Exercise details: Give the entries again exactly as they appear, but without the images.

Source material:

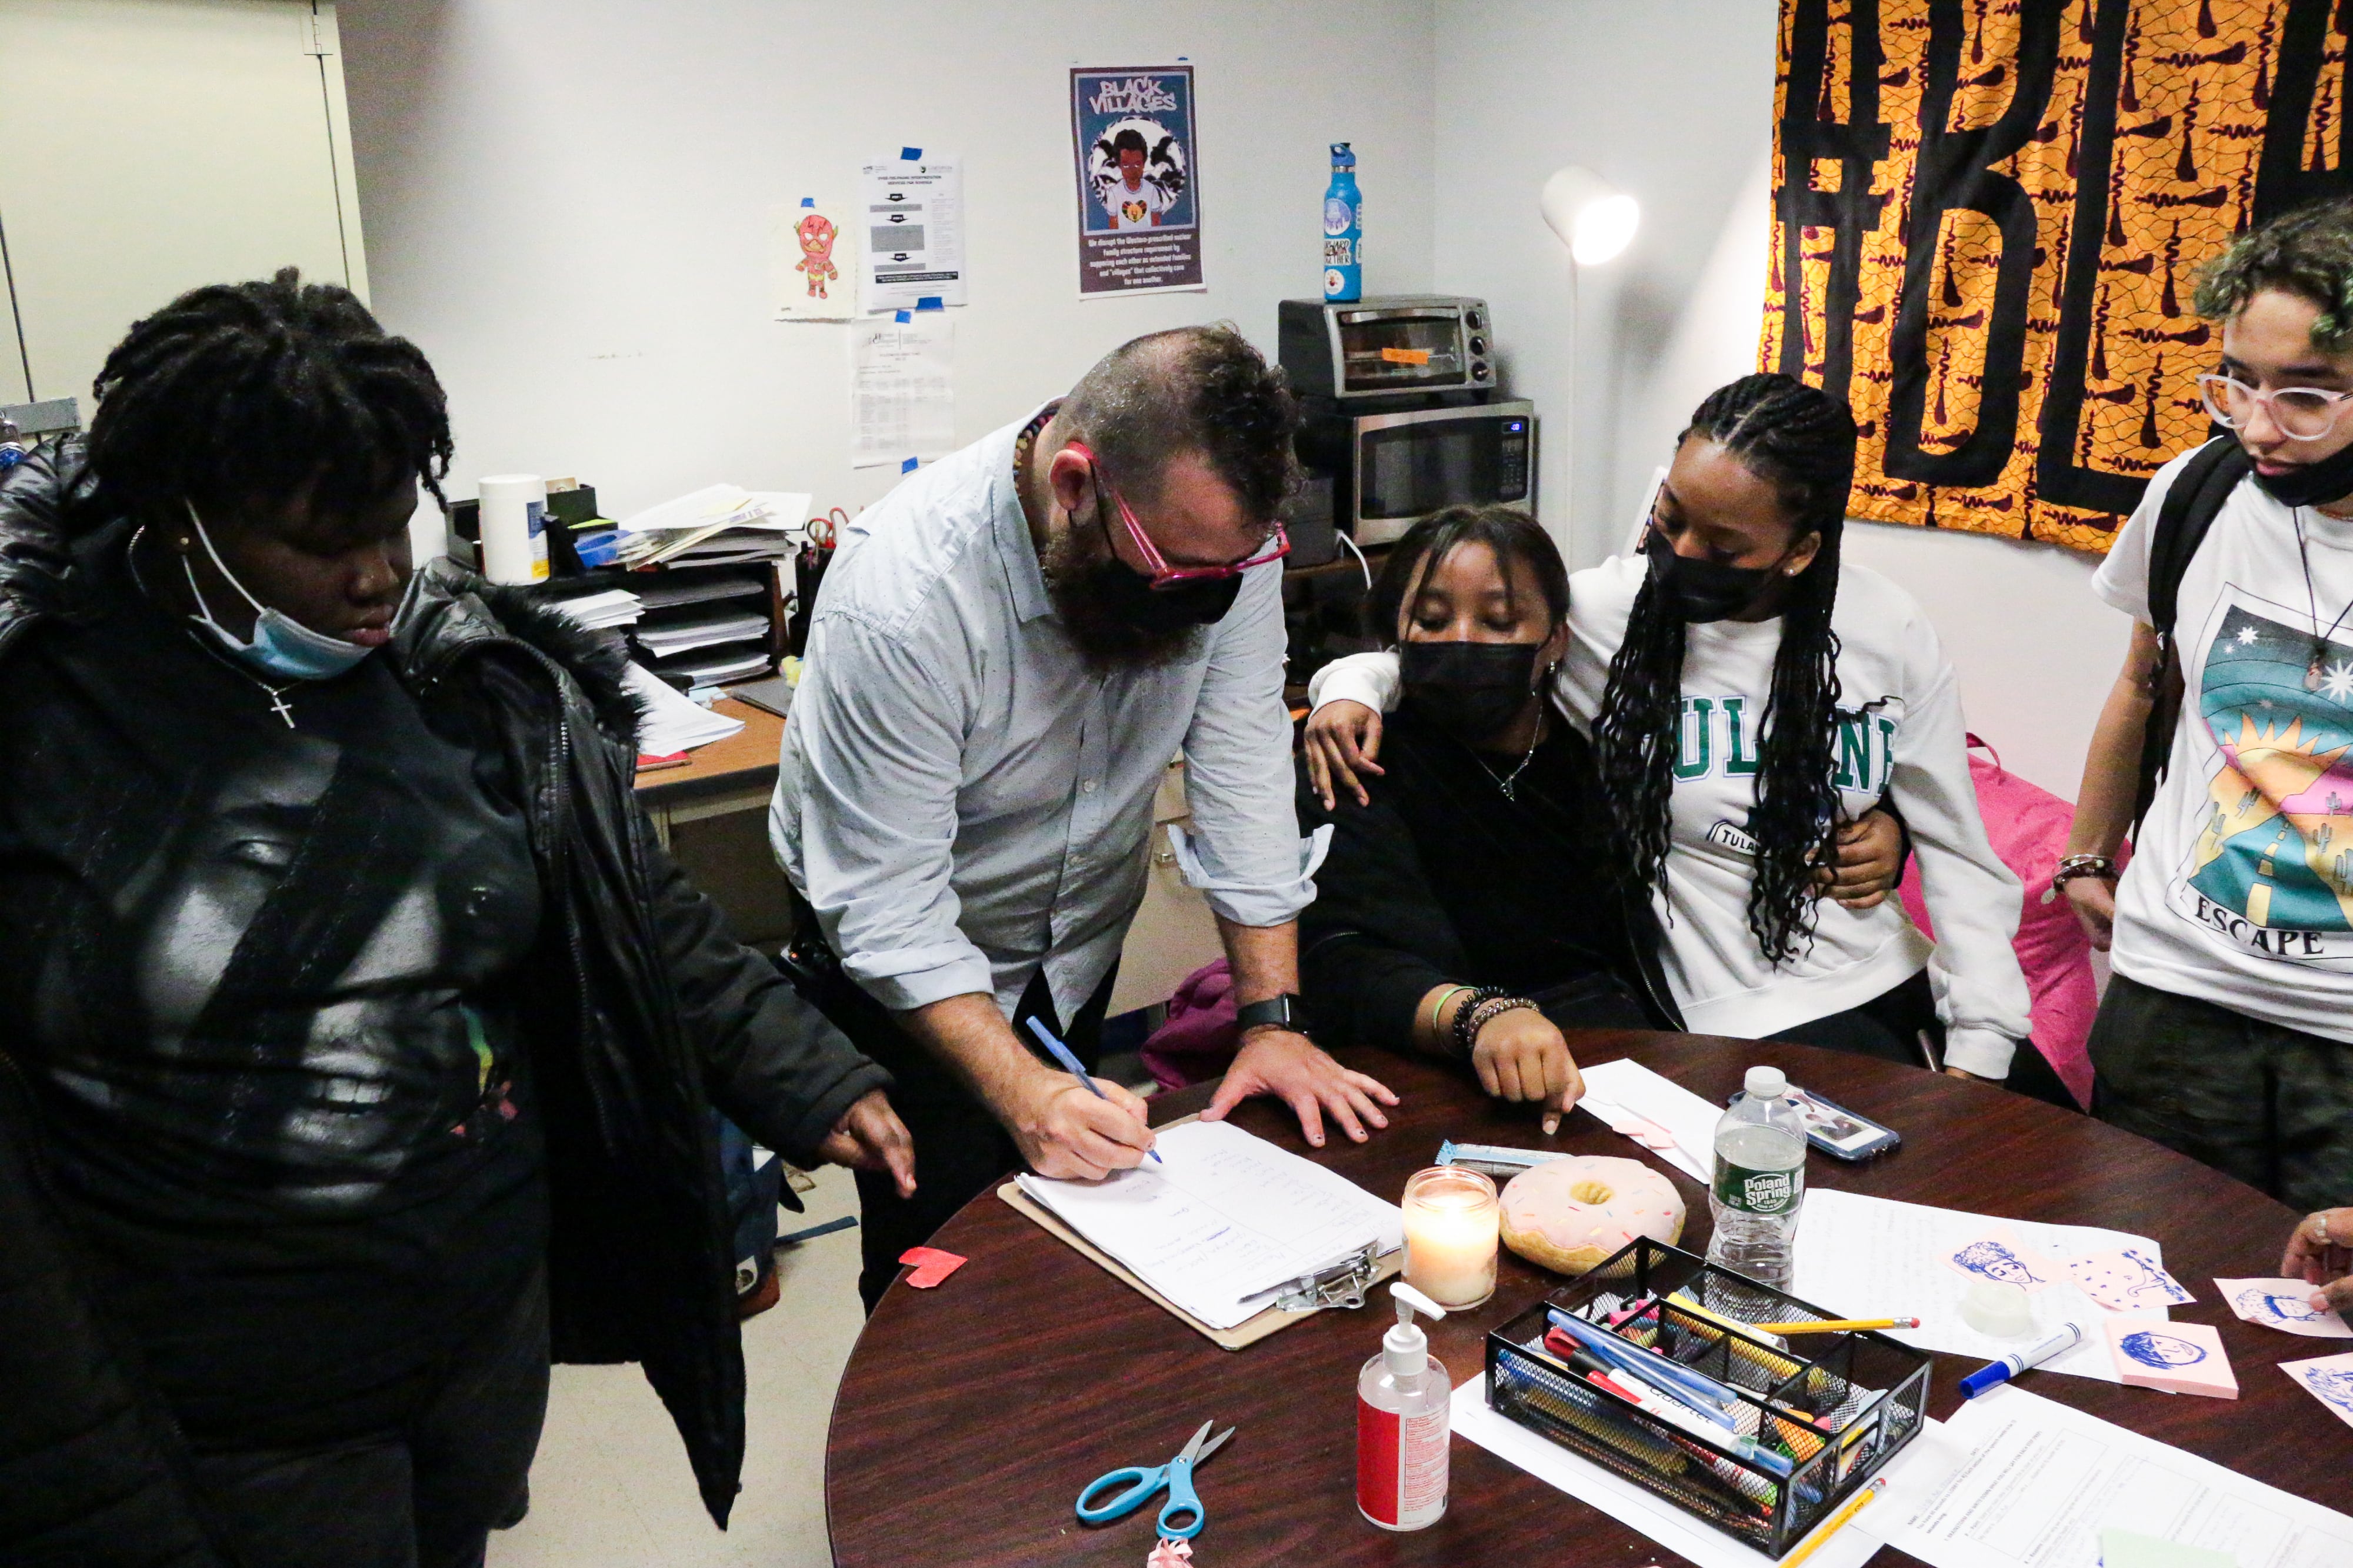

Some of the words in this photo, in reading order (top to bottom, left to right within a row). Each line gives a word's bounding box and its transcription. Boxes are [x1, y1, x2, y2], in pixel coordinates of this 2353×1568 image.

[1100, 75, 1165, 98] BLACK
[1089, 92, 1177, 115] VILLAGES
[1672, 695, 1898, 798] ULNE
[1722, 829, 1755, 852] TULA
[2195, 895, 2325, 956] ESCAPE
[1744, 1173, 1791, 1193] Poland
[1745, 1186, 1791, 1206] Spring

Answer to this problem:
Some of the words in this photo, in reading order (top to bottom, left to right within a row). Each line gives a word's bounding box and its transcription. Boxes are [x1, y1, x2, y2], in pixel coordinates of this 2353×1568 image.

[1100, 75, 1165, 98] BLACK
[1089, 92, 1177, 115] VILLAGES
[1672, 695, 1898, 798] ULNE
[1722, 829, 1755, 852] TULA
[2195, 895, 2325, 956] ESCAPE
[1744, 1173, 1791, 1193] Poland
[1745, 1186, 1791, 1206] Spring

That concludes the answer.